WHAT YOU SHOULD DO:
Print each entry in full, word for word, with no pictures in the result.
*** Opening of DATA LISTING ***
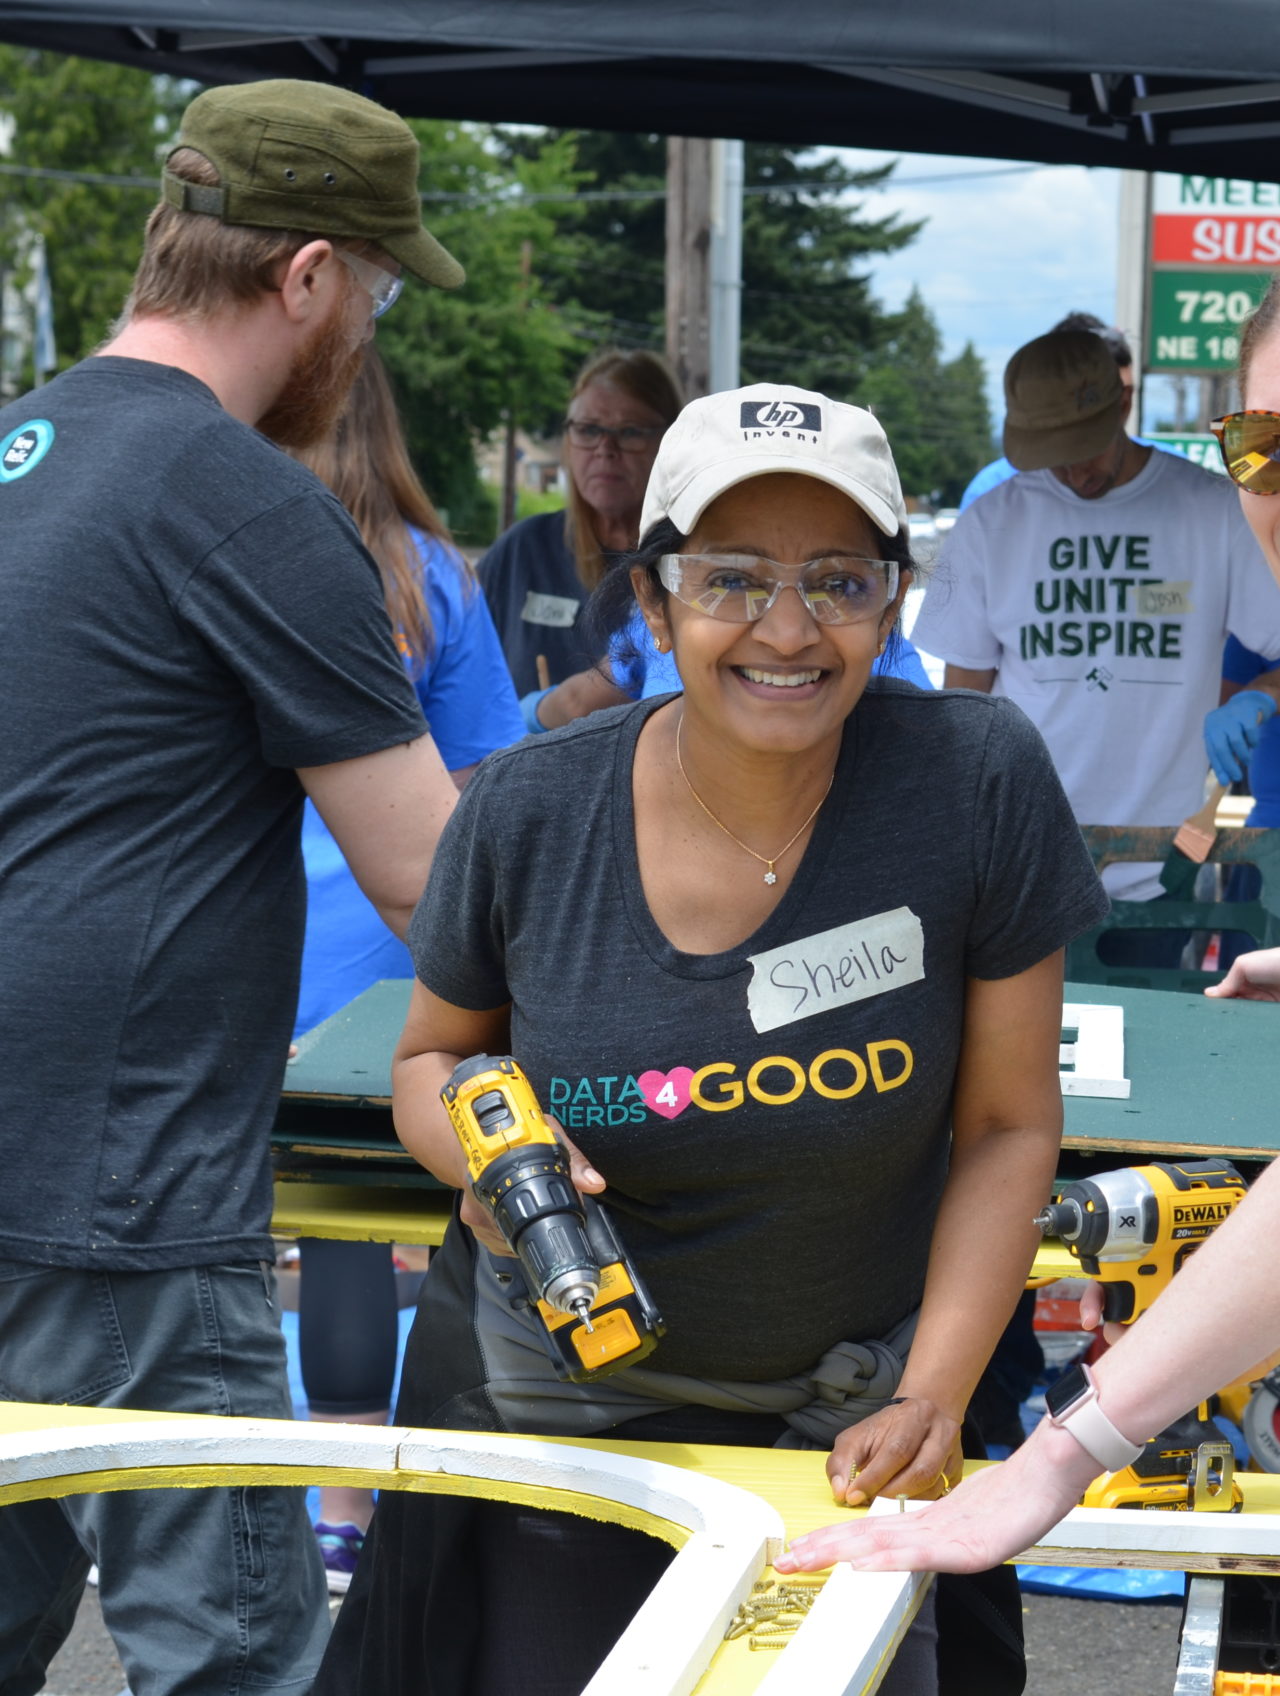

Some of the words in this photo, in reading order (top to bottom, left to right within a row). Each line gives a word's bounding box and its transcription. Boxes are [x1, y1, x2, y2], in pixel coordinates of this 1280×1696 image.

[1157, 336, 1197, 360] NE
[763, 402, 798, 427] hp
[12, 436, 35, 450] New
[1049, 535, 1150, 572] GIVE
[1035, 578, 1164, 614] UNIT
[1020, 621, 1182, 661] INSPIRE
[770, 941, 907, 1013] Sheila
[550, 1074, 647, 1105] DATA
[656, 1081, 678, 1107] 4
[689, 1039, 913, 1113] GOOD
[551, 1101, 648, 1128] NERDS
[1118, 1215, 1136, 1228] XR
*** Close of DATA LISTING ***
TASK OUTPUT:
Some of the words in this photo, in reading order (top to bottom, left to right within a row). Each line gives a word's bounding box and its transcription. Boxes are [x1, y1, x2, y2], in pixel coordinates of this 1280×1696 image.

[1157, 336, 1197, 360] NE
[763, 402, 798, 427] hp
[12, 436, 35, 450] New
[1049, 535, 1150, 572] GIVE
[1035, 578, 1164, 614] UNIT
[1020, 621, 1182, 661] INSPIRE
[770, 941, 907, 1013] Sheila
[550, 1074, 647, 1105] DATA
[656, 1081, 678, 1107] 4
[689, 1039, 913, 1113] GOOD
[551, 1101, 648, 1128] NERDS
[1118, 1215, 1136, 1228] XR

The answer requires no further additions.